[Spatial localization data]
>>

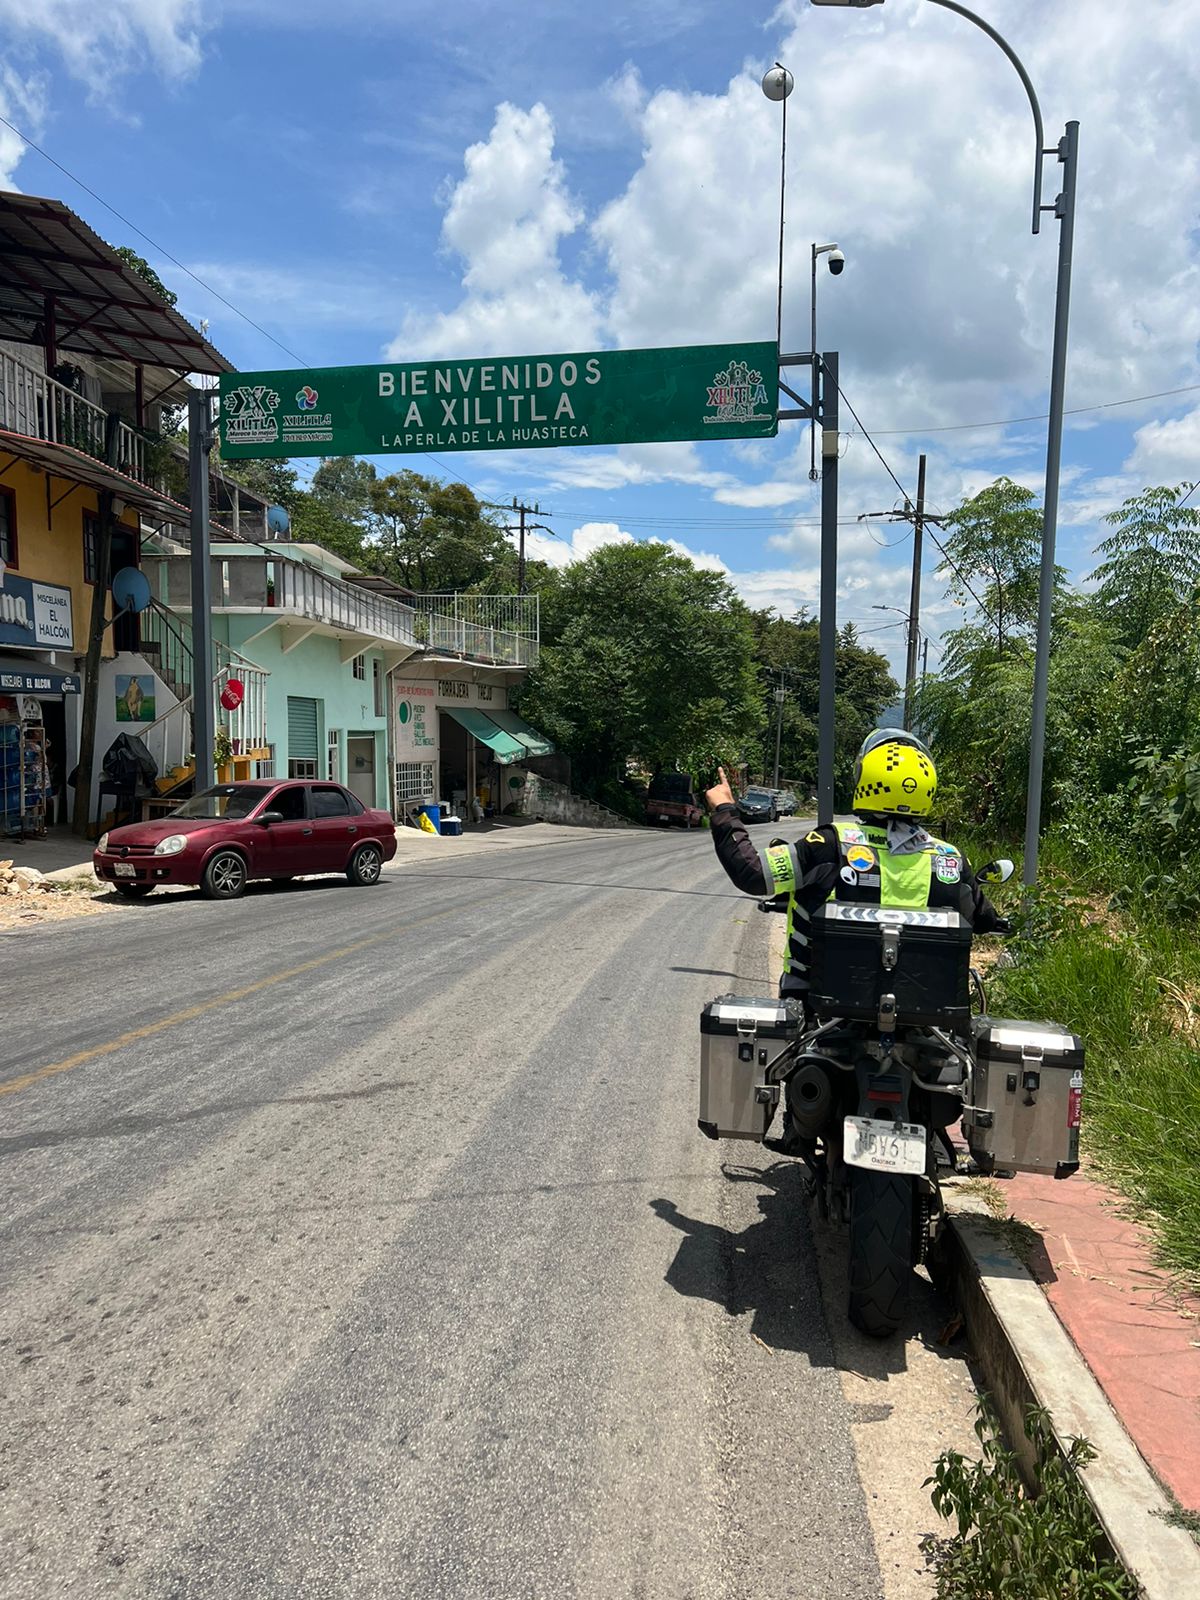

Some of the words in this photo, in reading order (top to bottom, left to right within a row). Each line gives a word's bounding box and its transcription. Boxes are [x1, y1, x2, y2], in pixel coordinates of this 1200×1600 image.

[378, 358, 602, 397] BIENVENIDOS
[706, 384, 768, 406] XILITLA
[403, 400, 424, 428] A
[440, 392, 576, 427] XILITLA
[227, 418, 277, 431] XILITLA
[283, 414, 332, 426] XILITLA
[462, 430, 480, 444] DE
[487, 428, 505, 442] LA
[512, 425, 589, 441] HUASTECA
[37, 593, 67, 607] MISCELÁNEA
[49, 609, 58, 622] EL
[39, 624, 70, 639] HALCÓN
[26, 678, 33, 688] EL
[438, 680, 469, 699] FORRAJERA

<<

=== Work to complete ===
A word-for-word copy of the entries above is needed, with every picture dropped.

=== Your response ===
Some of the words in this photo, in reading order (top to bottom, left to right within a row). Each line gives a word's bounding box and its transcription. Boxes are [x1, y1, x2, y2], in pixel coordinates of this 1200×1600 image.

[378, 358, 602, 397] BIENVENIDOS
[706, 384, 768, 406] XILITLA
[403, 400, 424, 428] A
[440, 392, 576, 427] XILITLA
[227, 418, 277, 431] XILITLA
[283, 414, 332, 426] XILITLA
[462, 430, 480, 444] DE
[487, 428, 505, 442] LA
[512, 425, 589, 441] HUASTECA
[37, 593, 67, 607] MISCELÁNEA
[49, 609, 58, 622] EL
[39, 624, 70, 639] HALCÓN
[26, 678, 33, 688] EL
[438, 680, 469, 699] FORRAJERA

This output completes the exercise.